In summary, factorizing polynomials can seem daunting at first, but with the right tools—like the factor theorem and polynomial division—it becomes a manageable task. Keep practicing, and you'll become a pro in no time! This detailed step-by-step approach to factorizing the cubic polynomial $f(x) = 3x^3 - 2x^2 - 7x - 2$ not only provides the solution but also enhances understanding of the underlying mathematical principles. By utilizing the given factor $(3x + 1)$, we efficiently navigated through polynomial long division to uncover the quadratic factor, which was subsequently factorized into linear components. This process highlights the interconnectedness of roots and factors, and the importance of a systematic approach in simplifying complex algebraic expressions. The final factorization, $f(x) = (3x + 1)(x - 2)(x + 1)$, offers a complete representation of the polynomial's structure, enabling further analysis and applications.

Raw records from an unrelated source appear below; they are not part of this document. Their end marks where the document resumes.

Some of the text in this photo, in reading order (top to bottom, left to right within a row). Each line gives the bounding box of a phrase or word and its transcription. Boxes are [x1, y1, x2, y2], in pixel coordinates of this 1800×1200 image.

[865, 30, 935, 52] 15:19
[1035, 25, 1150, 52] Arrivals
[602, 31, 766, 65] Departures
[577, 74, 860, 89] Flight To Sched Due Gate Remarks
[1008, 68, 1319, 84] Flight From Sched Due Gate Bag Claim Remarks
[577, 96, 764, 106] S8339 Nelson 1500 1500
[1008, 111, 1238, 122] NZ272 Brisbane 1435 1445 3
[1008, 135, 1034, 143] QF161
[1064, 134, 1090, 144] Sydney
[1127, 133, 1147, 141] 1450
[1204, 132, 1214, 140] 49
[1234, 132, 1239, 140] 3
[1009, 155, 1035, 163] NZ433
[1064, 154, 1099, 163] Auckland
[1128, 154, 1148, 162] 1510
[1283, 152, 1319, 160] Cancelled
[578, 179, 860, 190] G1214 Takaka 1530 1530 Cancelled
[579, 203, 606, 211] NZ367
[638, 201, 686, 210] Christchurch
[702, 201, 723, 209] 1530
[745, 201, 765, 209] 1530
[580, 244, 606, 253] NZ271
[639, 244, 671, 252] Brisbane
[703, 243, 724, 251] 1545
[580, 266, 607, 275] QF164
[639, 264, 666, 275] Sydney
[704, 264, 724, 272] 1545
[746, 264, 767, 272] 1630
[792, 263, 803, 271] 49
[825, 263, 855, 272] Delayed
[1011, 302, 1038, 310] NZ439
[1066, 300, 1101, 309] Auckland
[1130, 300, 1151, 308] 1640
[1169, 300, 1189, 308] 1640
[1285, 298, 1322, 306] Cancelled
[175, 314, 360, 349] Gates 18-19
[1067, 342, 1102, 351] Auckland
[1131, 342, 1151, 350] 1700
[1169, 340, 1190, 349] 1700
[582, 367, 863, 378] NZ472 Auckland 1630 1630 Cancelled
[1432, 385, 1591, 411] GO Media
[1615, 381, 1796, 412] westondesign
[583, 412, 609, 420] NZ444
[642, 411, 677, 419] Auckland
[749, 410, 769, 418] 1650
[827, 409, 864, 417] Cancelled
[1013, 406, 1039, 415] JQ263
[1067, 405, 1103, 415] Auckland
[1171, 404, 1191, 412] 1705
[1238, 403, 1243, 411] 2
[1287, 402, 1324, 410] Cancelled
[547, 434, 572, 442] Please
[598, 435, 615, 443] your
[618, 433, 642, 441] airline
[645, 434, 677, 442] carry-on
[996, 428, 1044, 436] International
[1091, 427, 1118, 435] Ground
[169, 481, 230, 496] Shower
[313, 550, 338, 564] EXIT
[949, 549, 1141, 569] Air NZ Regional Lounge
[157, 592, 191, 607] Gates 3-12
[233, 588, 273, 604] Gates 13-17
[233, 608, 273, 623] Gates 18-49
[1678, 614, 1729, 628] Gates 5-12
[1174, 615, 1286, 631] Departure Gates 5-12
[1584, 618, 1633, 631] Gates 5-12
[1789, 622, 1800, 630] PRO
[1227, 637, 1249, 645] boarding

Mastering techniques like polynomial long division and recognizing patterns in quadratic expressions are essential skills for anyone studying algebra. This exercise underscores the value of practice and attention to detail in mathematical problem-solving. By consistently applying these strategies, students can build confidence and proficiency in handling various polynomial factorization problems. Always remember that even complex problems can be broken down into manageable steps, making them more accessible and less intimidating. So keep honing your skills, and you'll become adept at tackling any factorization challenge that comes your way!